A great friend of mine says that losing at Anfield Road always entails a double punishment: defeat on the pitch, with all the possible pain condensed in the final result, and torture practiced in the stands in the form of an anthem, a song. I admit disagreements regarding this. I don’t consider myself a monster and everyone is very free to be enthusiastic about what touches their heart, but I wouldn’t be at peace without pointing out that You’ll Never Walk Alone seems to me to be the most persistent epidemic in all of world football, a mix of religion and karaoke that Liverpool fans practice at every game as an Anglo-Saxon substitute for Cuban Santeria.
I could feel envious of such a black attitude, but no. We, Galicians, have A Rianxeira, which is not far behind in terms of pop iconography and popular fervor. And in both cases, my reservations no longer focus so much on the song as on the worship, not being able to assimilate so much effusiveness in commentators, music critics, rival fans and local fans, that chorus of deep and enthusiastic voices that have the ability to transform Liverpool into Lourdes for at least a few minutes. What was once an anthem has turned into a mystical experience – like eating at DiverXO or swimming with dolphins at Ningaloo Reef – an act of faith that makes the great rites of any organized religion pale in comparison: if they ever thought of charging admission just to hear it, they would fill Anfield without needing to get the ball rolling.
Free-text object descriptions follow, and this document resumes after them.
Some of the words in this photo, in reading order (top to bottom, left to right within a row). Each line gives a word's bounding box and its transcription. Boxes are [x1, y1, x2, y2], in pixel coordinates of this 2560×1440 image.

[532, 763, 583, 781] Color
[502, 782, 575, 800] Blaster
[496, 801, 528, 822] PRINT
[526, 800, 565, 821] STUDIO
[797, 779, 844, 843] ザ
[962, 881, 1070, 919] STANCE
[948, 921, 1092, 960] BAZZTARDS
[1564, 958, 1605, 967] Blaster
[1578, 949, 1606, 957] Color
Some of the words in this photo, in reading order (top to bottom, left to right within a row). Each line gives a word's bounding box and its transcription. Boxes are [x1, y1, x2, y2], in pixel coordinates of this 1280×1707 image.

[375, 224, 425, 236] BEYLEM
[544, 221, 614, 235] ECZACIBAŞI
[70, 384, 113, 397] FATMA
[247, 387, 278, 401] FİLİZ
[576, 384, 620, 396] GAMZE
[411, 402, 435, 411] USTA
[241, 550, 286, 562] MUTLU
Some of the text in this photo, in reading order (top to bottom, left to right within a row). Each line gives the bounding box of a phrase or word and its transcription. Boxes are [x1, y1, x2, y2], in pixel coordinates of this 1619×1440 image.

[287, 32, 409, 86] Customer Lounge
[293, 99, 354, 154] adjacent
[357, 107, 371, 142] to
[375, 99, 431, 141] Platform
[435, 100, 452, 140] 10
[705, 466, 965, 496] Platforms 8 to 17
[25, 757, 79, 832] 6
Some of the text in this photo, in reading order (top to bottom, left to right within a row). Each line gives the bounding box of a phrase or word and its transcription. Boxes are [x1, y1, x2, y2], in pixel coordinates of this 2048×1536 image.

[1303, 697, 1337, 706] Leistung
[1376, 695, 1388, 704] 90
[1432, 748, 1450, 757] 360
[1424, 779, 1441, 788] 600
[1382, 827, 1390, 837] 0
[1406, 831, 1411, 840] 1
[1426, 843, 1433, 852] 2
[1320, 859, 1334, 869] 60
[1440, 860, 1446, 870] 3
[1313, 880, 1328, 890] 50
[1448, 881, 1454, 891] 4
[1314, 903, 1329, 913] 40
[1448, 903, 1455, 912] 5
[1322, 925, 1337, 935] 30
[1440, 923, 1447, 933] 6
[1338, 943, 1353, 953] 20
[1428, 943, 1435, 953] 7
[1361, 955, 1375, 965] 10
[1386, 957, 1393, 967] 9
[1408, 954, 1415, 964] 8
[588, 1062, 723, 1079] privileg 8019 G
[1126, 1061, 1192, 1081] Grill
There are those who enter the field with the right foot, those who pray the Our Father and those who hum You Will Never Walk Alone alone. And I don’t know what worries me more: the blind faith of the act or the superstition of its staging. There is so much drama concentrated in a few verses that you no longer know whether you are welcoming eleven football players dressed in red or accompanying the widows of those who lost their lives in the war, the original spirit of a song converted by football into the best example of a coercive weapon: beating them on their own field is almost like shouting at mass.
Furthermore, no scientific study has been able to demonstrate how music can help you win a football game. Does it activate the heroic hemisphere of the brain? Or does the concentration of the winning gene in the blood increase? I don’t believe, nor do I fully believe in the promise contained in the central motto of the happy song: you will never walk alone… until you lose three games in a row and each missed pass is accompanied by a silence that freezes your blood. No matter how hard it tries to resist, Anfield is also starting to be a tourist attraction with its own soundtrack.
On Tuesday, as Real Madrid retired to the dressing room with the “small details” bandaged from the wound of a bad game, all I could think about was how much I miss the usual coldness of the Camp Nou or the Santiago Bernabéu: the sincere whistles that spring from the most authentic frustration, the impatient murmur of the old fan, their total lack of compassion for that twenty-year-old young man who is playing for the same shirt as you. It will be less poetic and will never move Spielberg, but it is more honest. Because it’s one thing to have soul – or to constantly boast about it – and another, very different thing, is to make each football game a Fokin musical.